It was hardly a bow that Gwendolen gave--rather, it was the slightest forward sweep of the head away from the physiognomy that inclined itself toward her, and she immediately moved toward her seat, saying, "I want to put on my burnous." No sooner had she reached it, than Mr. Lush was there, and had the burnous in his hand: to annoy this supercilious young lady, he would incur the offense of forestalling Grandcourt; and, holding up the garment close to Gwendolen, he said, "Pray, permit me?" But she, wheeling away from him as if he had been a muddy hound, glided on to the ottoman, saying, "No, thank you."

A man who forgave this would have much Christian feeling, supposing he had intended to be agreeable to the young lady; but before he seized the burnous Mr. Lush had ceased to have that intention. Grandcourt quietly took the drapery from him, and Mr.

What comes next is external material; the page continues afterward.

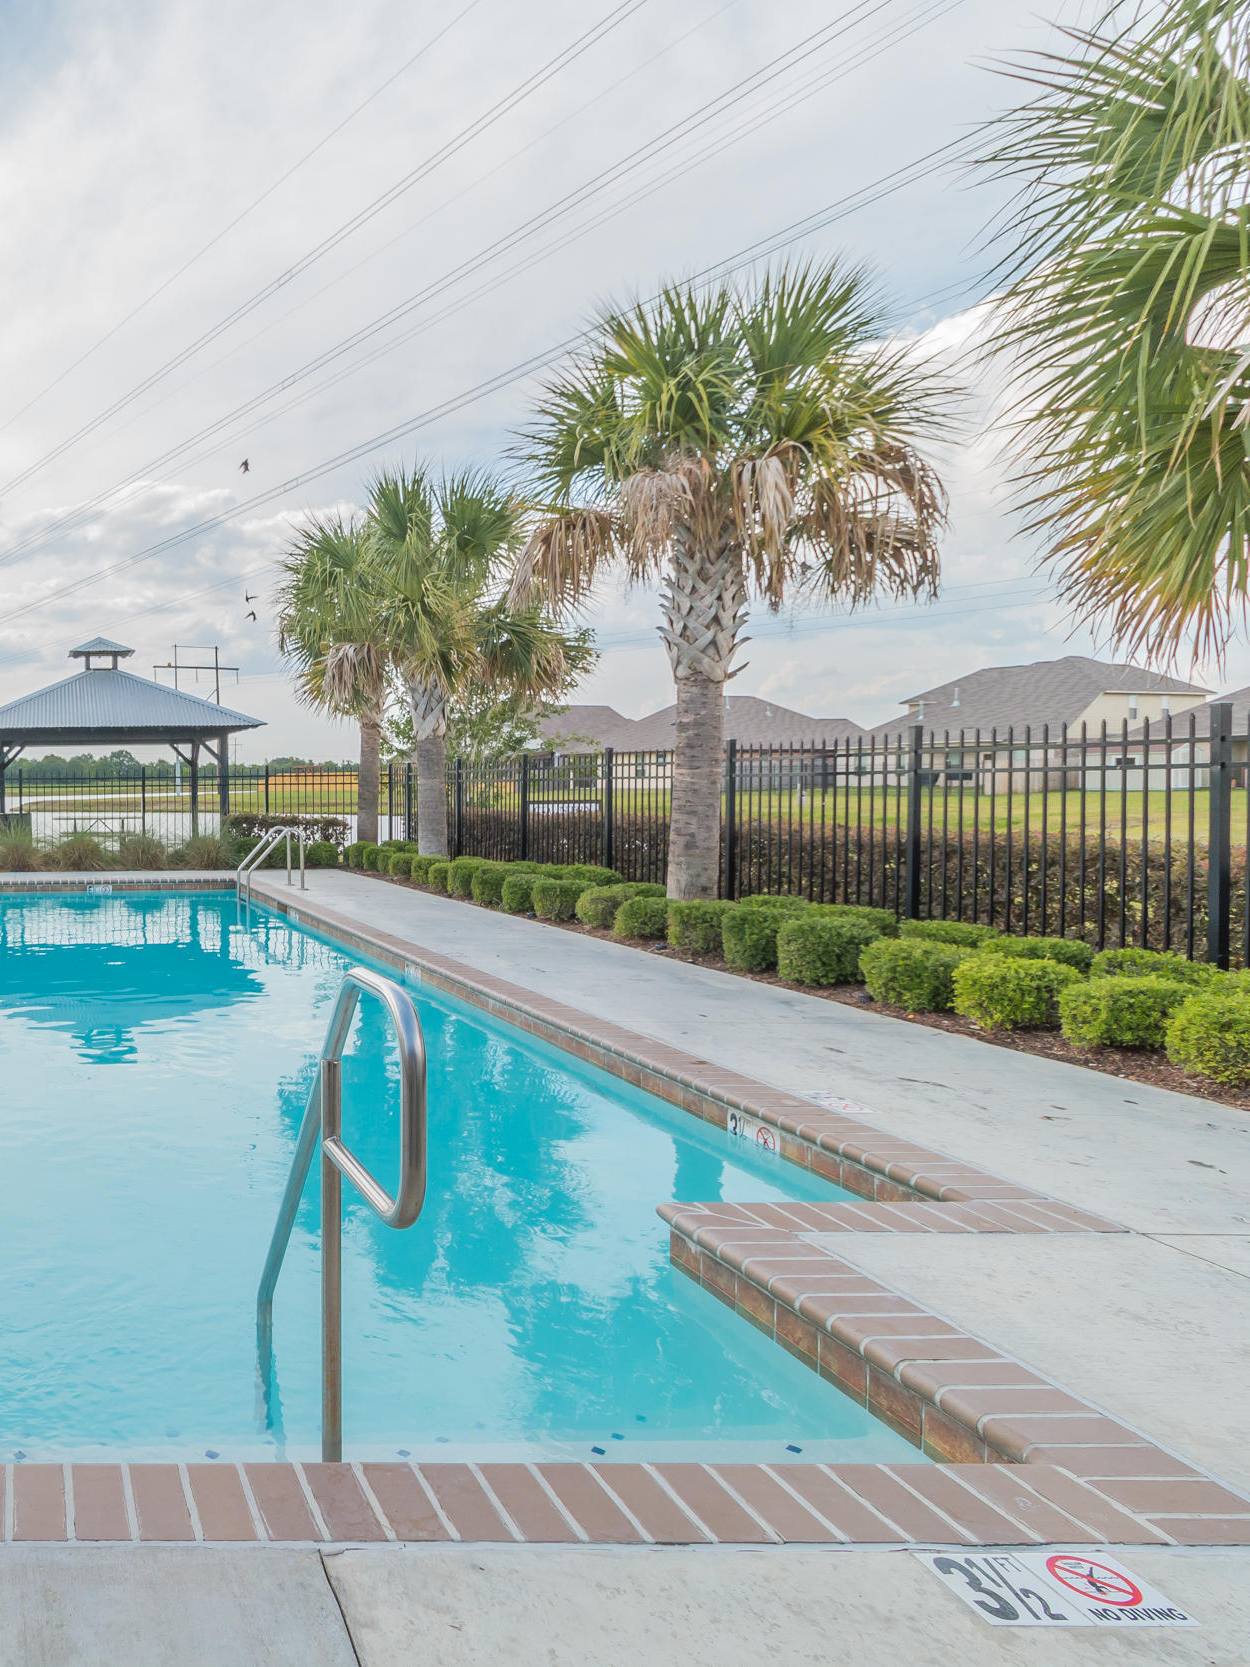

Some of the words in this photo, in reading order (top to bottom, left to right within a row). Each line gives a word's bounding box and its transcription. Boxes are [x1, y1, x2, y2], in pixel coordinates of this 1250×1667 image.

[992, 1557, 1022, 1572] FT
[1087, 1608, 1122, 1621] NO
[1117, 1608, 1188, 1621] DIVING

Lush, with a slight bow, moved away. "You had perhaps better put it on," said Mr. Grandcourt, looking down on her without change of expression.

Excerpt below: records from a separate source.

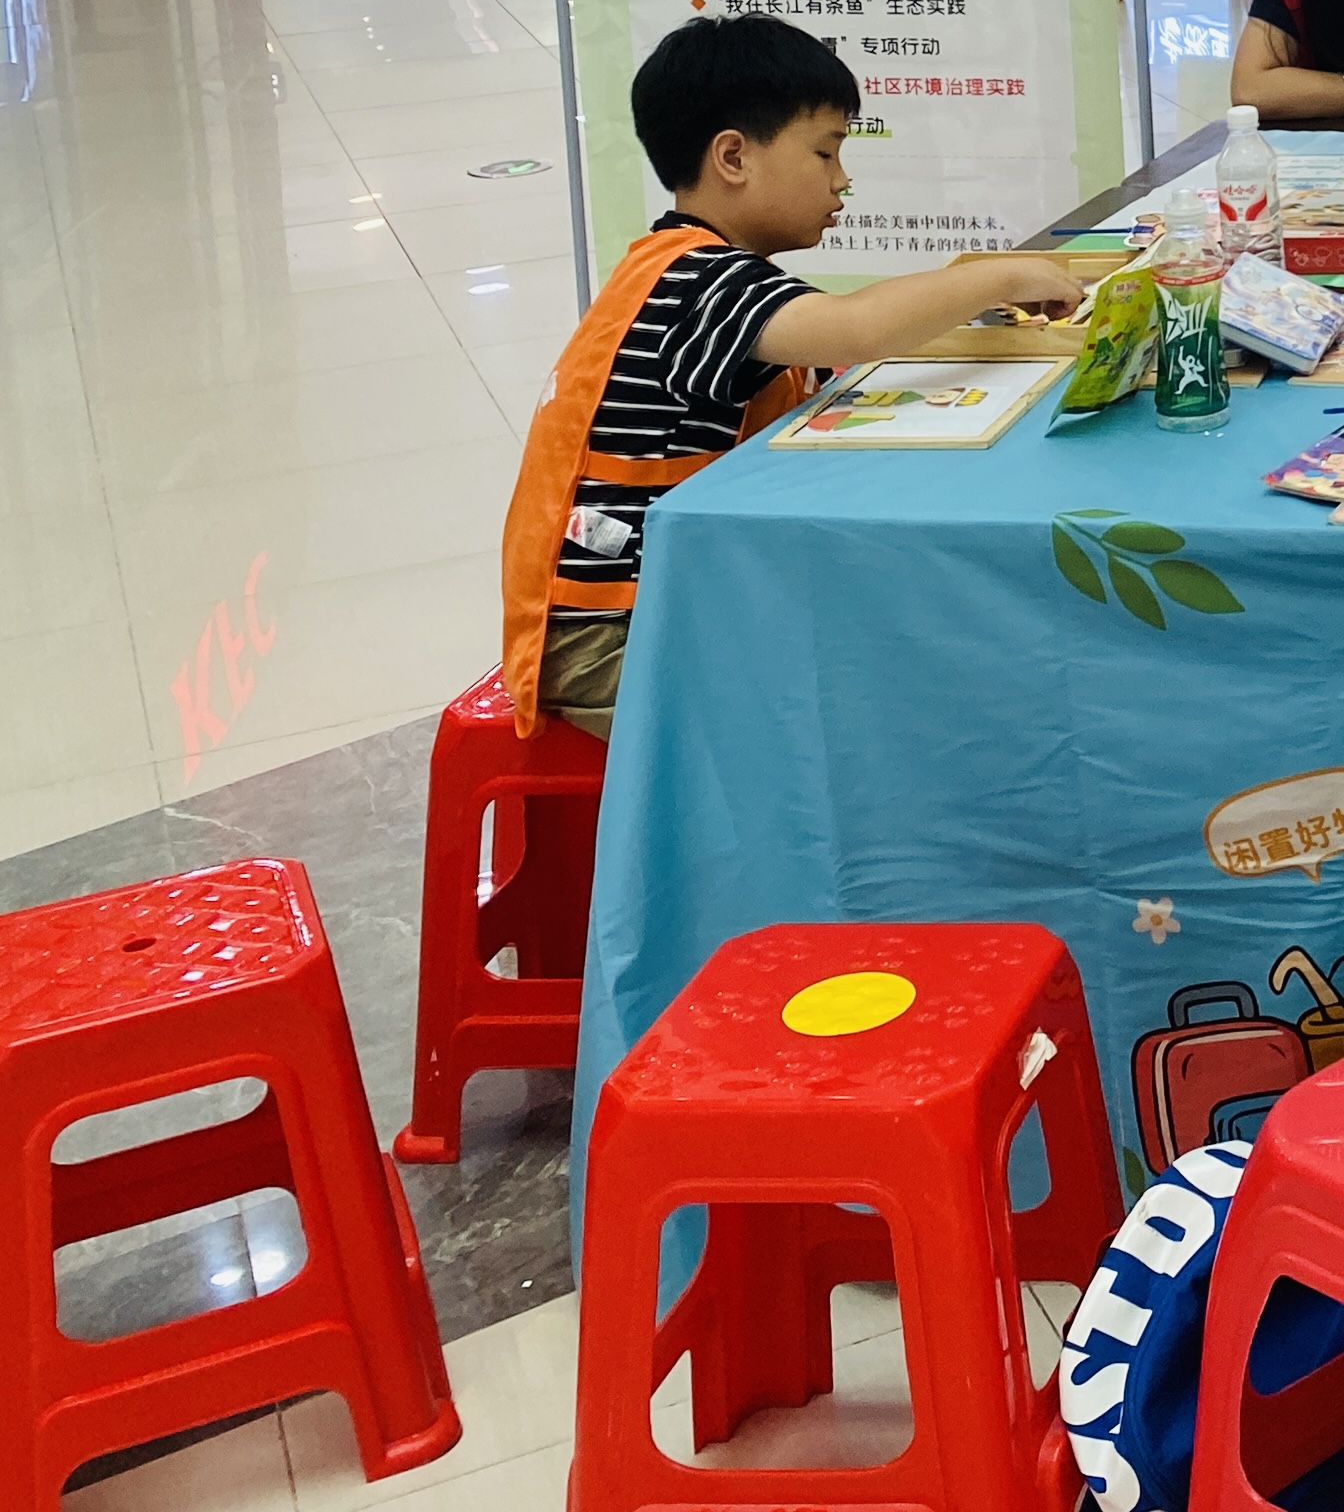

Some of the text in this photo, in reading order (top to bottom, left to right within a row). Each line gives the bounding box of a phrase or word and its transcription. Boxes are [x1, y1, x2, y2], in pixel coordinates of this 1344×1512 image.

[860, 37, 941, 56] 专项行动
[863, 76, 1026, 97] 社区环境治理实践
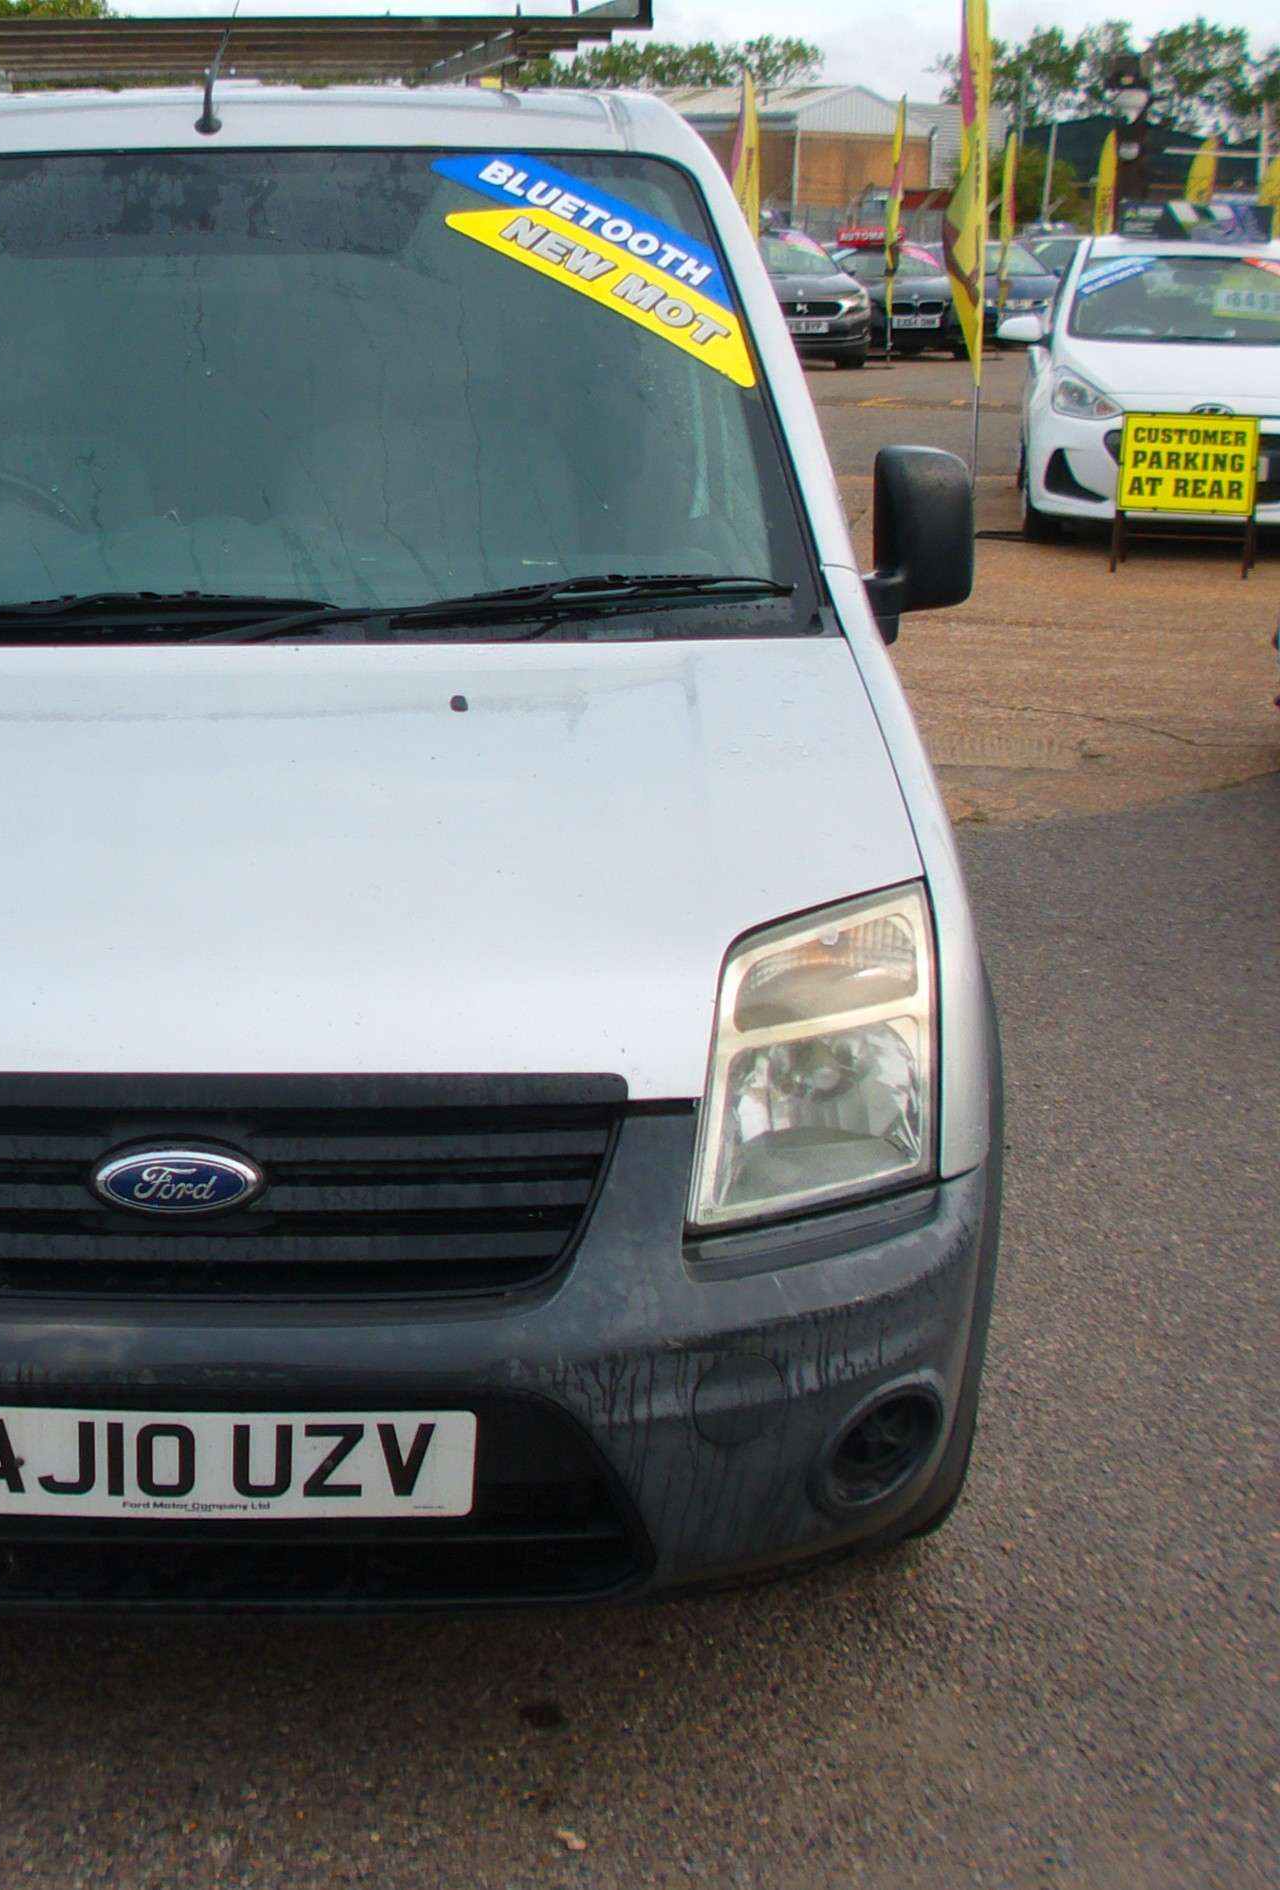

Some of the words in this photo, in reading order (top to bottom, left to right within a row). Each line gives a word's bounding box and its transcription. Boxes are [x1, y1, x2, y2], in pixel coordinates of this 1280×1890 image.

[477, 159, 713, 288] BLUETOOTH
[839, 229, 903, 241] AUTOMAC
[500, 215, 617, 282] NEW
[611, 272, 731, 345] MOT
[1133, 427, 1248, 447] CUSTOMER
[1131, 450, 1246, 473] PARKING
[1127, 476, 1163, 497] AT
[1172, 478, 1244, 501] REAR
[133, 1165, 219, 1200] Ford
[232, 1423, 437, 1499] UZV
[122, 1501, 151, 1510] Ford
[152, 1501, 188, 1511] Motor
[250, 1502, 271, 1511] Ltd

"Thanks; perhaps it would be wise," said Gwendolen, rising, and submitting very gracefully to take the burnous on her shoulders.

After that, Mr. Grandcourt exchanged a few polite speeches with Mrs. Davilow, and, in taking leave, asked permission to call at Offendene the next day. He was evidently not offended by the insult directed toward his friend. Certainly Gwendolen's refusal of the burnous from Mr. Lush was open to the interpretation that she wished to receive it from Mr. Grandcourt. But she, poor child, had no design in this action, and was simply following her antipathy and inclination, confiding in them as she did in the more reflective judgments into which they entered as sap into leafage. Gwendolen had no sense that these men were dark enigmas to her, or that she needed any help in drawing conclusions about them--Mr. Grandcourt at least. The chief question was, how far his character and ways might answer her wishes; and unless she were satisfied about that, she had said to herself that she would not accept his offer.

Could there be a slenderer, more insignificant thread in human history than this consciousness of a girl, busy with her small inferences of the way in which she could make her life pleasant?--in a time, too, when ideas were with fresh vigor making armies of themselves, and the universal kinship was declaring itself fiercely; when women on the other side of the world would not mourn for the husbands and sons who died bravely in a common cause, and men stinted of bread on our side of the world heard of that willing loss and were patient: a time when the soul of man was walking to pulses which had for centuries been beating in him unfelt, until their full sum made a new life of terror or of joy.